Task item » A faithful copy of the listing below is needed, one that contains no pictures.

——————

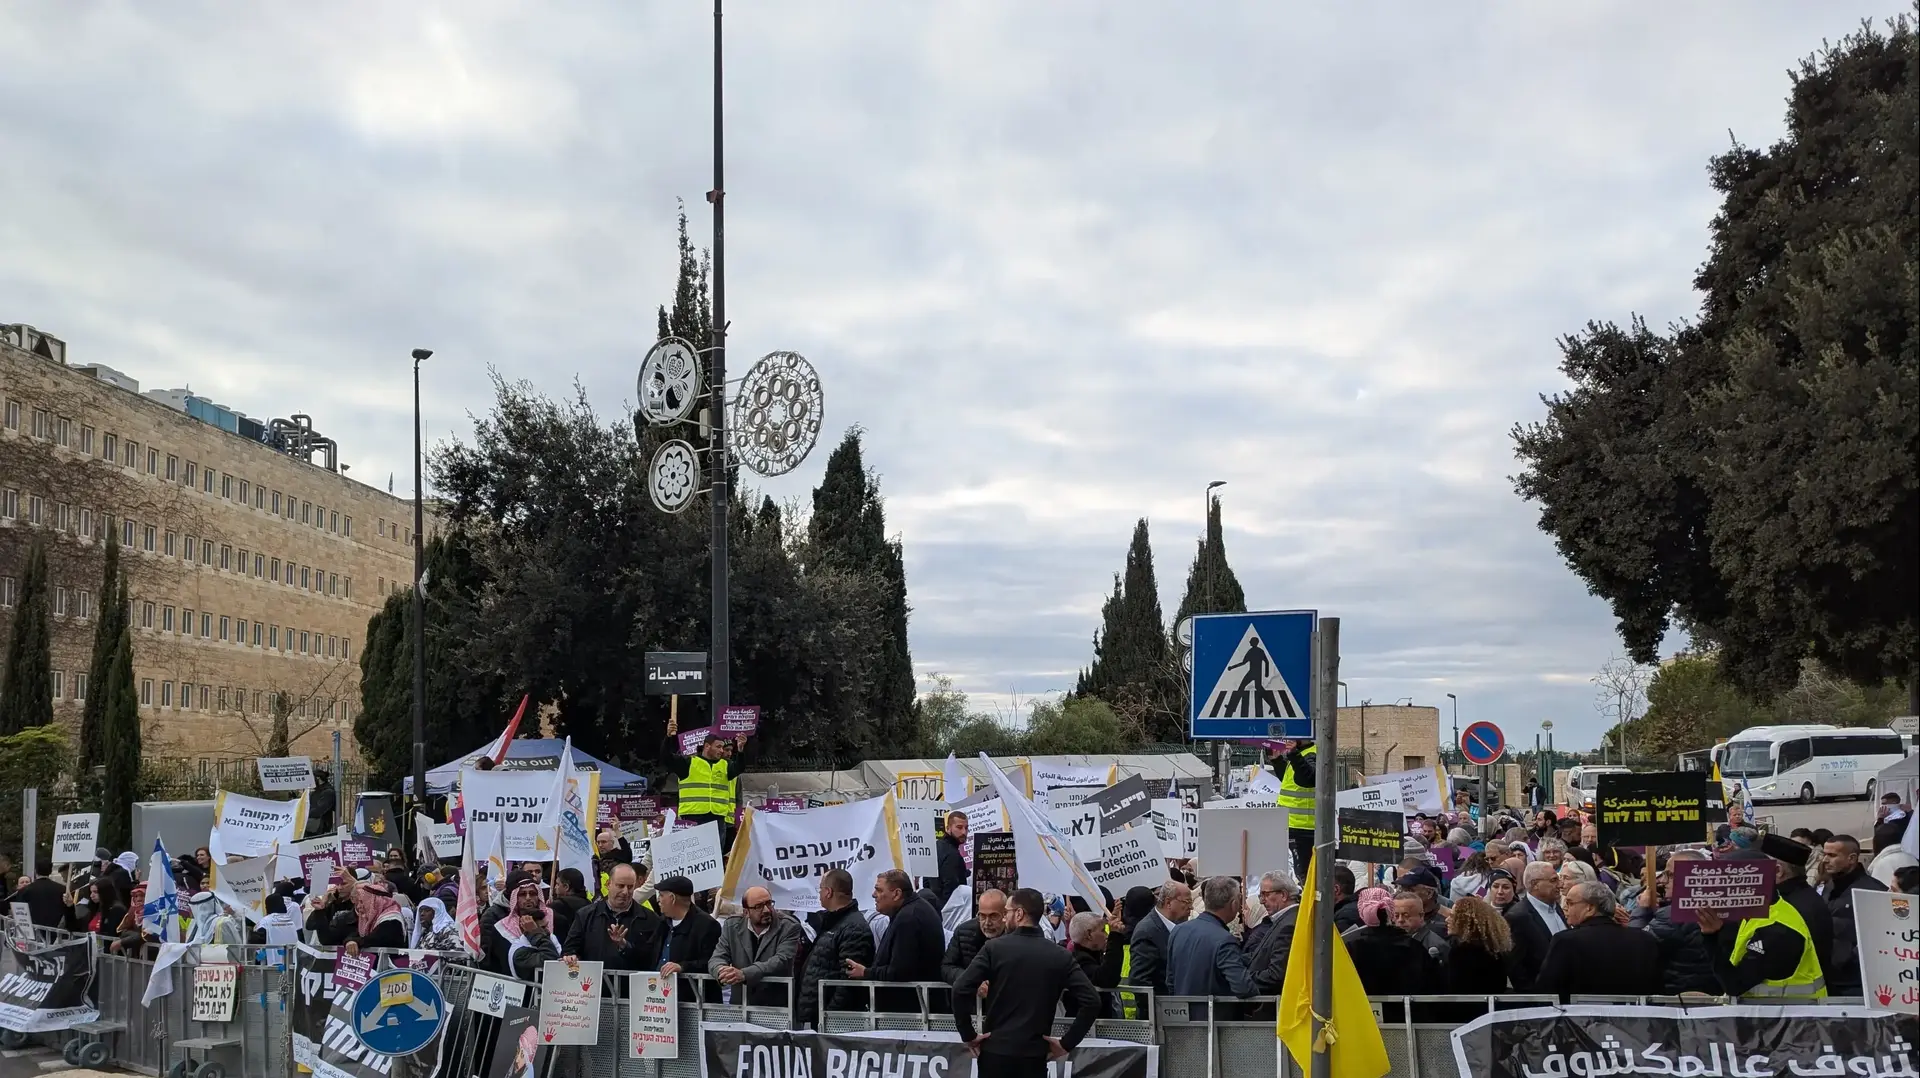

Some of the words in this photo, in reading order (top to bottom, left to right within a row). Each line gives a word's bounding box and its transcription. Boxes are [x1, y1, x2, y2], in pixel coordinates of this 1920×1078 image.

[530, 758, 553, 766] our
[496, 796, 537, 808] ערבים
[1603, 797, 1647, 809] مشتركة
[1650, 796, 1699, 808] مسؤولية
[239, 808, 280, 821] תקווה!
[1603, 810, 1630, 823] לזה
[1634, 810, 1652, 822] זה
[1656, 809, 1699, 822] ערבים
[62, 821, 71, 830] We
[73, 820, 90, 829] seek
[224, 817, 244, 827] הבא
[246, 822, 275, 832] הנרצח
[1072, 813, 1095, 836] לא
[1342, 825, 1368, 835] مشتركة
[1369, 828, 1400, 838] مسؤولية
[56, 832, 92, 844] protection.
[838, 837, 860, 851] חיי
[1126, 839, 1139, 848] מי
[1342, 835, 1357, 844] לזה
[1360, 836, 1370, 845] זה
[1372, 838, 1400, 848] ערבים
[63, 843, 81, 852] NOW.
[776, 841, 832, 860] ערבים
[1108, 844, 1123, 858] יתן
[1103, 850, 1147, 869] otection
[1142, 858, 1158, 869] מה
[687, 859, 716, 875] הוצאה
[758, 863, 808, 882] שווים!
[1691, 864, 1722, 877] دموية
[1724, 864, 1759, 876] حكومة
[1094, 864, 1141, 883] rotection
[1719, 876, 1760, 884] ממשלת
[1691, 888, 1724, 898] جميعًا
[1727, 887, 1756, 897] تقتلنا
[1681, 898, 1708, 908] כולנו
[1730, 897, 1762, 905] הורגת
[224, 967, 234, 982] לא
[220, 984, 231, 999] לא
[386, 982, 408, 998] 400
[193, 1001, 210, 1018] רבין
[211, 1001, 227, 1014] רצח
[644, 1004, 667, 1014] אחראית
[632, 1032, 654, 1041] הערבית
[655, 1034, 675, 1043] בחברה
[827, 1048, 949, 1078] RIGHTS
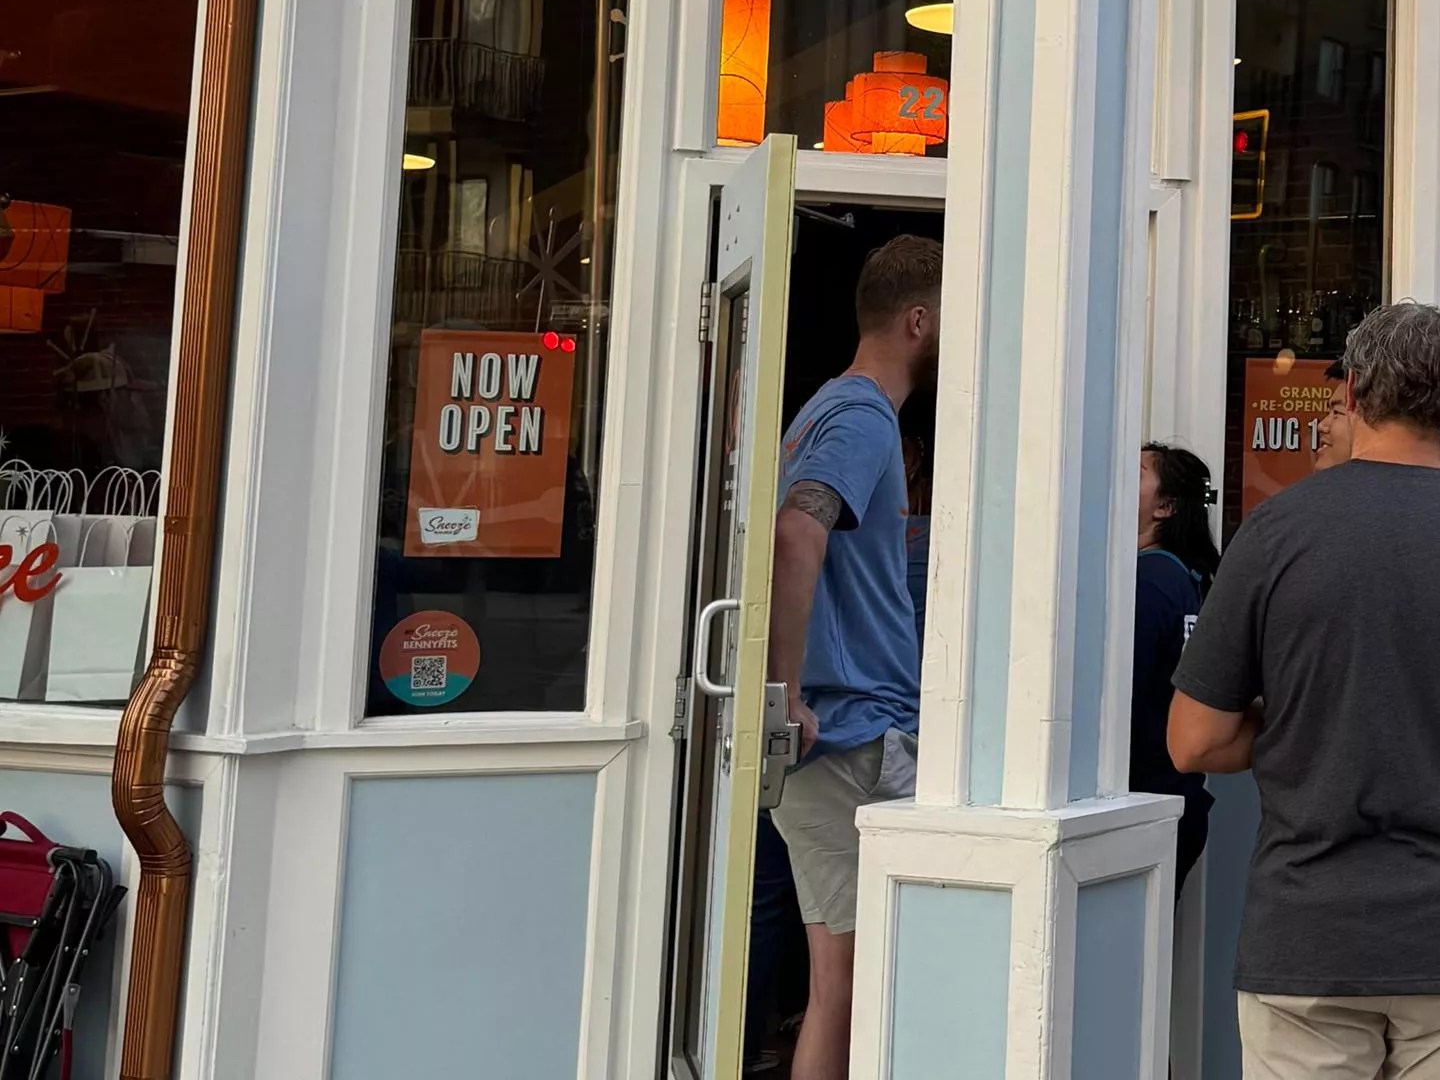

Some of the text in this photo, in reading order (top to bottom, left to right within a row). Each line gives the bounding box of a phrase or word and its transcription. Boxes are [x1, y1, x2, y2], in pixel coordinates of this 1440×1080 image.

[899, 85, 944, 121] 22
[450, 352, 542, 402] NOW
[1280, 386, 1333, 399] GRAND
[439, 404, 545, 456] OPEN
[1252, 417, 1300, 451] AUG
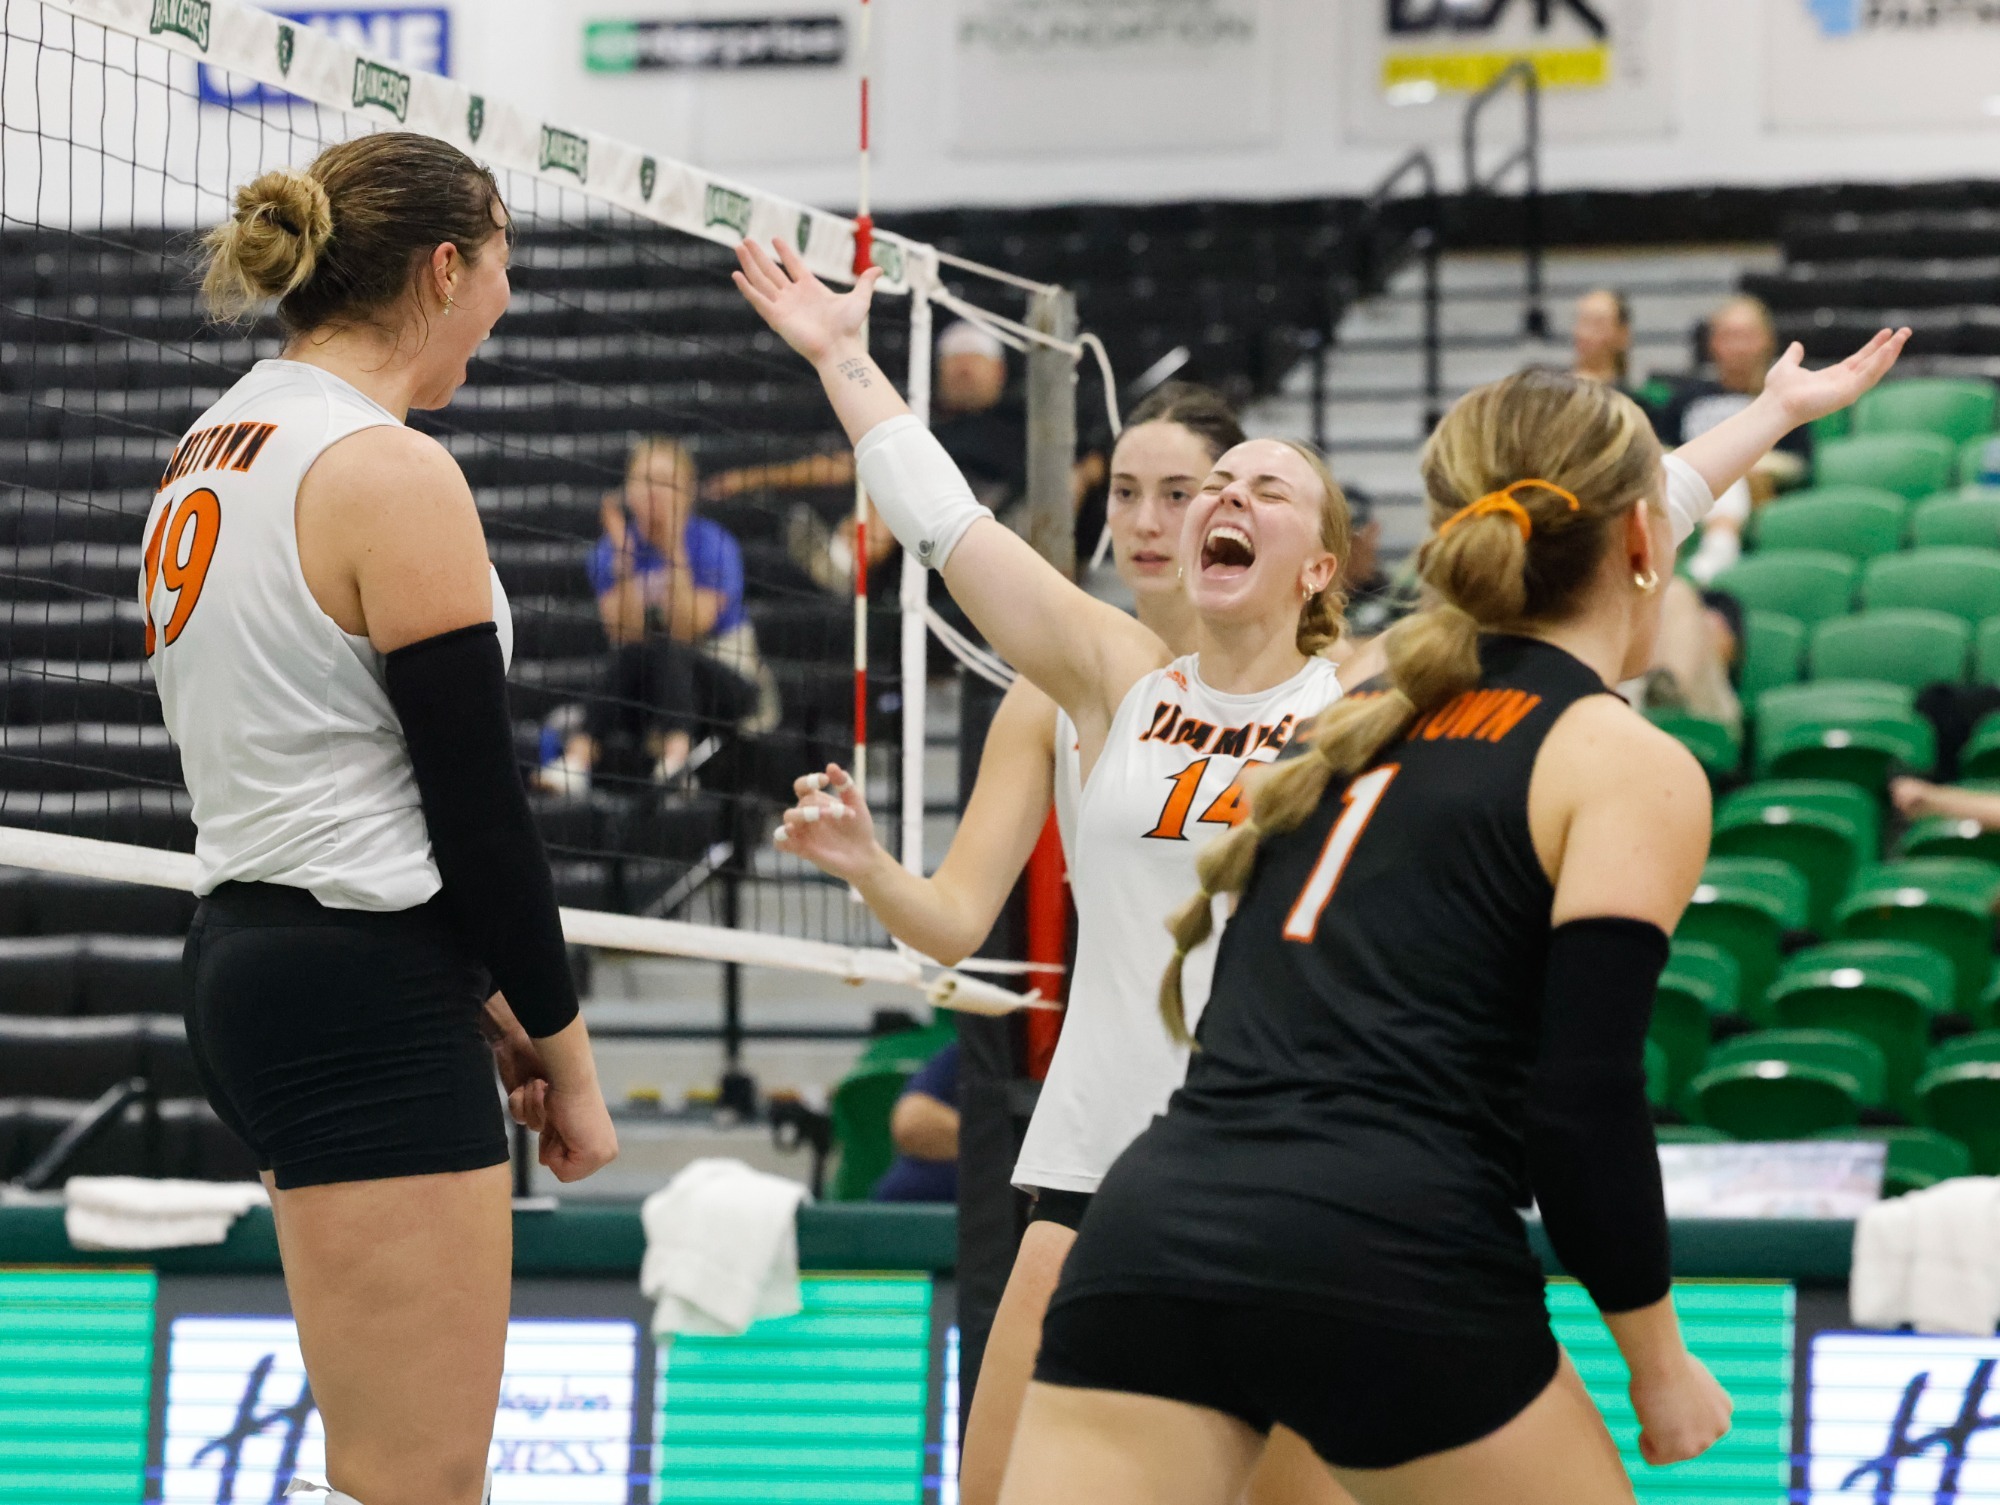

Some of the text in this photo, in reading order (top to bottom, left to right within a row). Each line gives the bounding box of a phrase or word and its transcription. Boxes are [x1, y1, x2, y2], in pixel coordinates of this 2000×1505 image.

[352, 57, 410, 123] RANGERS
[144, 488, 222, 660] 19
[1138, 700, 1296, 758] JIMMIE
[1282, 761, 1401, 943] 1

——————

Exercise output »
Some of the words in this photo, in reading order (top to bottom, left to right within a row). Each line gives a word's bounding box and its transcription. Boxes are [x1, y1, x2, y2], in pixel coordinates of this 1920×1078 image.

[530, 758, 553, 766] our
[496, 796, 537, 808] ערבים
[1603, 797, 1647, 809] مشتركة
[1650, 796, 1699, 808] مسؤولية
[239, 808, 280, 821] תקווה!
[1603, 810, 1630, 823] לזה
[1634, 810, 1652, 822] זה
[1656, 809, 1699, 822] ערבים
[62, 821, 71, 830] We
[73, 820, 90, 829] seek
[224, 817, 244, 827] הבא
[246, 822, 275, 832] הנרצח
[1072, 813, 1095, 836] לא
[1342, 825, 1368, 835] مشتركة
[1369, 828, 1400, 838] مسؤولية
[56, 832, 92, 844] protection.
[838, 837, 860, 851] חיי
[1126, 839, 1139, 848] מי
[1342, 835, 1357, 844] לזה
[1360, 836, 1370, 845] זה
[1372, 838, 1400, 848] ערבים
[63, 843, 81, 852] NOW.
[776, 841, 832, 860] ערבים
[1108, 844, 1123, 858] יתן
[1103, 850, 1147, 869] otection
[1142, 858, 1158, 869] מה
[687, 859, 716, 875] הוצאה
[758, 863, 808, 882] שווים!
[1691, 864, 1722, 877] دموية
[1724, 864, 1759, 876] حكومة
[1094, 864, 1141, 883] rotection
[1719, 876, 1760, 884] ממשלת
[1691, 888, 1724, 898] جميعًا
[1727, 887, 1756, 897] تقتلنا
[1681, 898, 1708, 908] כולנו
[1730, 897, 1762, 905] הורגת
[224, 967, 234, 982] לא
[220, 984, 231, 999] לא
[386, 982, 408, 998] 400
[193, 1001, 210, 1018] רבין
[211, 1001, 227, 1014] רצח
[644, 1004, 667, 1014] אחראית
[632, 1032, 654, 1041] הערבית
[655, 1034, 675, 1043] בחברה
[827, 1048, 949, 1078] RIGHTS

Some of the text in this photo, in reading order (top to bottom, left to right within a row). Each line gives the bounding box of a phrase or word and its transcription. Boxes are [x1, y1, x2, y2], in pixel coordinates of this 1440×1080 image.

[899, 85, 944, 121] 22
[450, 352, 542, 402] NOW
[1280, 386, 1333, 399] GRAND
[439, 404, 545, 456] OPEN
[1252, 417, 1300, 451] AUG

Some of the text in this photo, in reading order (top to bottom, left to right within a row). Each line gives the bounding box of a phrase or word and its transcription. Boxes are [x1, y1, x2, y2], in pixel coordinates of this 2000×1505 image.

[352, 57, 410, 123] RANGERS
[144, 488, 222, 660] 19
[1138, 700, 1296, 758] JIMMIE
[1282, 761, 1401, 943] 1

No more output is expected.